On the death (2 March 1594-5) of John Garvey, D.D. [q. v.], his brother-in-law, Ussher was appointed archbishop of Armagh (patent 22 July), and was consecrated in August 1595. The see was not wealthy in his time, nor was his primacy remarkable. A story told by Henry Fitzsimon [q. v.], to the effect that Ussher had written against Bellarmine, and his wife had burned the manuscript, is improved by Bayle after his manner. Ussher died at Termonfechin on Easter-day, 2 April 1613, and was buried at St. Peter's, Drogheda. He married, first (about 1573), Margaret, daughter of Thomas Eliot of Balrisk, co. Meath, by whom he had eight sons and two daughters; secondly, Mary Smith (who survived him), by whom he had three daughters. His widow married (1614) William Fitz Williams of Dundrum.

Robert Ussher (1592-1642), youngest son of the above, was educated at Trinity College, Dublin, being made fellow in 1611, and graduating B.A. 1612, M.A. 1614, viceprovost 1615; B.D. 1621. He was prebendary of St. Audoen's, Dublin (1617); rector of Ardstraw (1617); prebendary of Dromaragh (1624); and rector of Lurgan (1629).
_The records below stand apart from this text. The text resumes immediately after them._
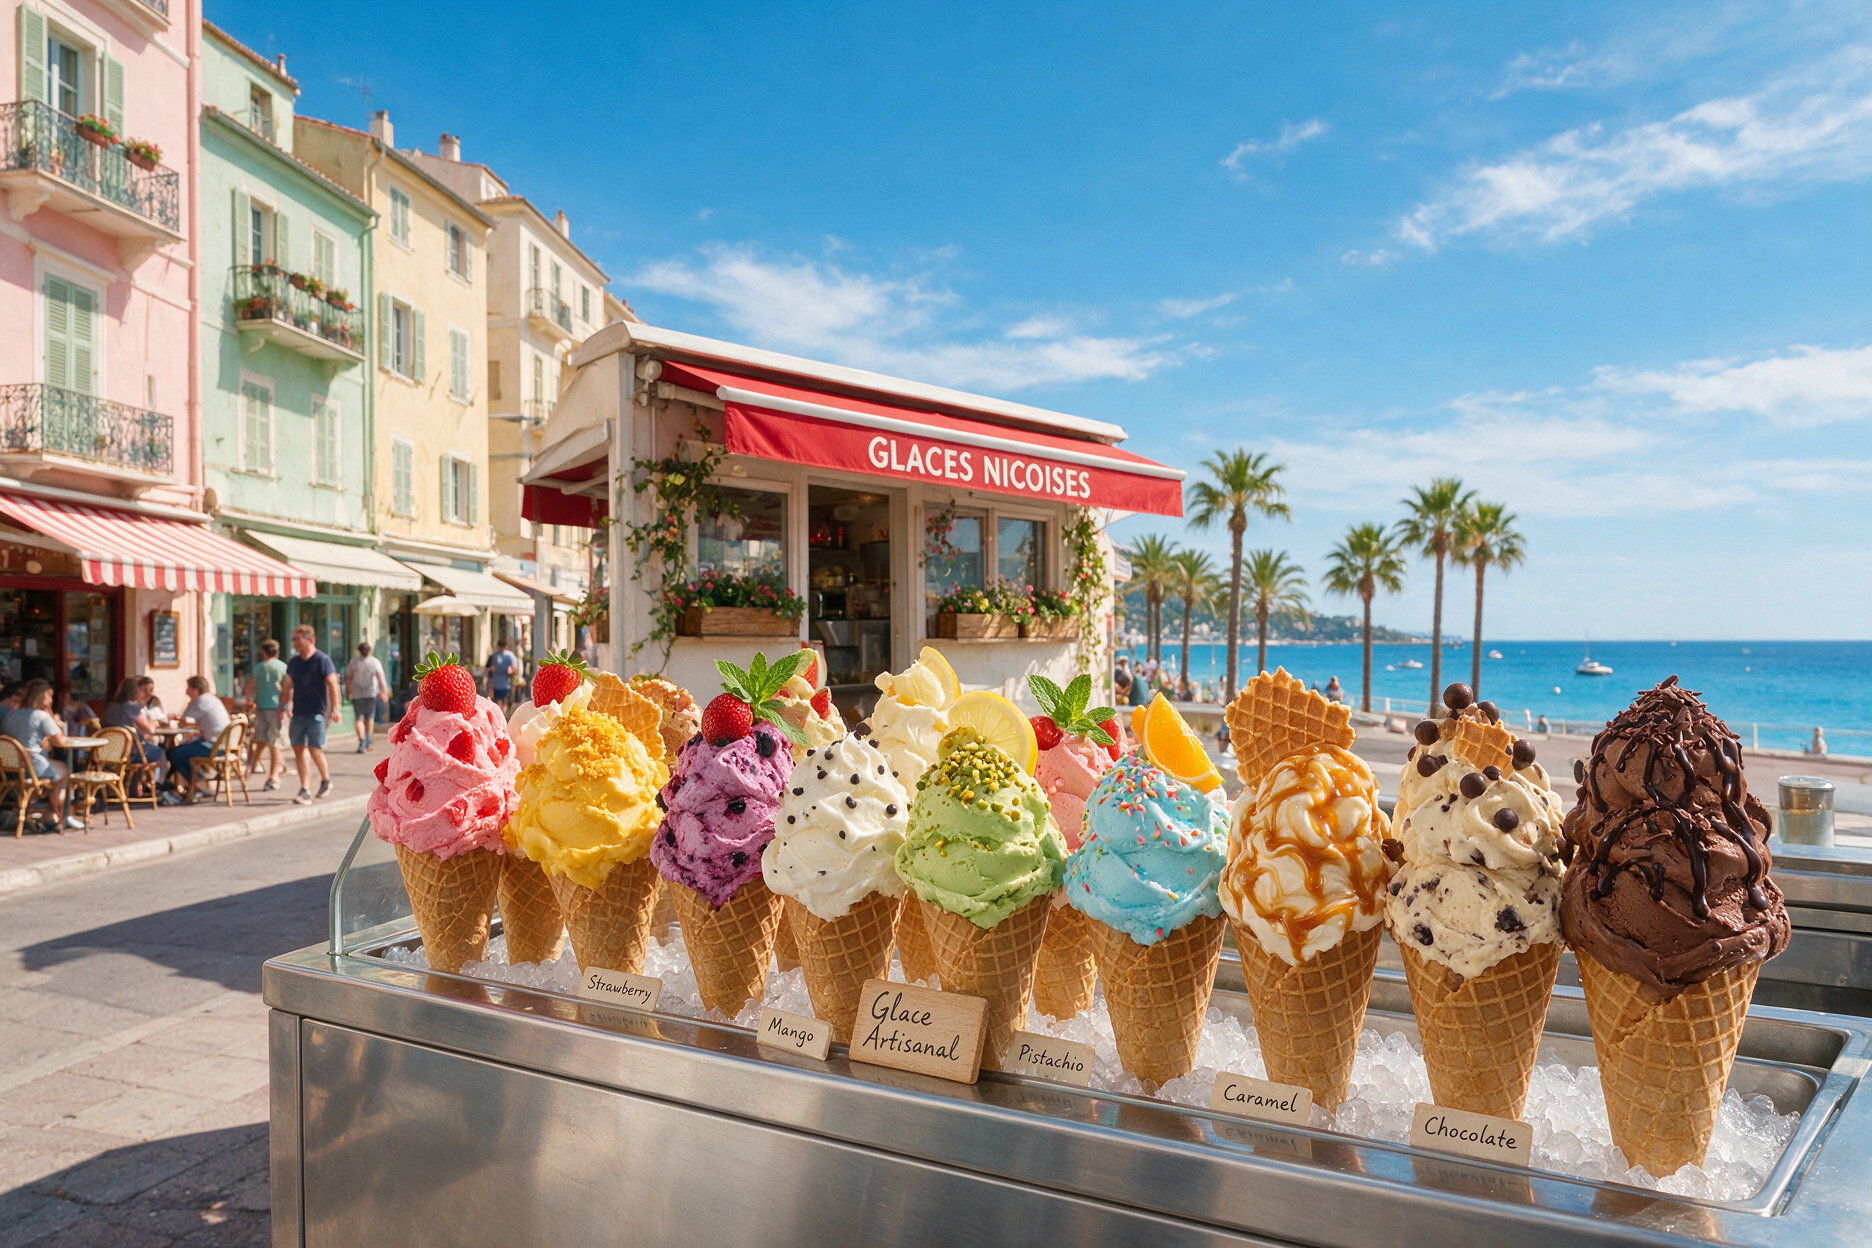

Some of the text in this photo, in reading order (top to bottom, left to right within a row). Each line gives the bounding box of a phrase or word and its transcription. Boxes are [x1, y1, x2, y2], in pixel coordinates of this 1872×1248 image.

[868, 436, 1091, 499] GLACES NICOISES
[587, 974, 652, 1005] Strawberry
[871, 990, 933, 1026] Glace
[767, 1016, 814, 1048] Mango
[862, 1024, 960, 1061] Artisanal
[1018, 1043, 1084, 1072] Pistachio
[1223, 1084, 1299, 1113] Caramel
[1424, 1116, 1518, 1150] Chocolate
On the death of Sir William Temple (d. 1627) [q. v.], there was a disputed election to the provostship. The senior fellows elected Joseph Mead [q. v.], who declined; the junior fellows elected Ussher (14 April 1627), and he was sworn in the same day. He was set aside by royal letter in favour of William Bedell [q. v.], who was sworn in on 16 Aug. On Bedell's promotion to the see of Kilmore, Ussher was again elected (3 Oct. 1629), and sworn in 13 Jan. 1630. He owed his appointment to a temperate letter in his favour by his cousin, James Ussher [q. v.], to whom appeal had been made. He did not, however, fulfil his cousin's expectation of him, being 'of too soft and gentle a disposition to rule so heady a company.' He was an able preacher, he promoted the study of the Irish language, and defended the charter rights of the college. On 11 Aug. 1634 he resigned the provostship on being appointed archdeacon of Meath. On 25 Feb. 1635 he was consecrated bishop of Kildare. He died at Panta Birsley, near Ellesmere, Shropshire, on 7 Sept. 1642, and was buried at Doddleston Chapel, near Oswestry. He married Jane, eldest daughter of Francis Kynaston, of Panta Birsley, and left issue.

[Ware's Works (Harris), 1739, i.; Wood's Fasti (Bliss); Bayle's Dictionnaire, 1740, iv. 480, art. 'Usserius, Henri; ' Mant's Hist, of the Church of Ireland, 1840, i. 330; Elrington's Life of James Ussher, 1848, app. i.; Brady's State Papers of the Irish Church, 1868, pp. 55, 94; Stubbs's Hist. Univ. Dublin, 1889; Wright's Ussher Memoirs, 1889; Urwick's Early Hist. Trin. Coll. Dublin, 1892; Foster's Alumni Oxon. 1892, iv. 1532.]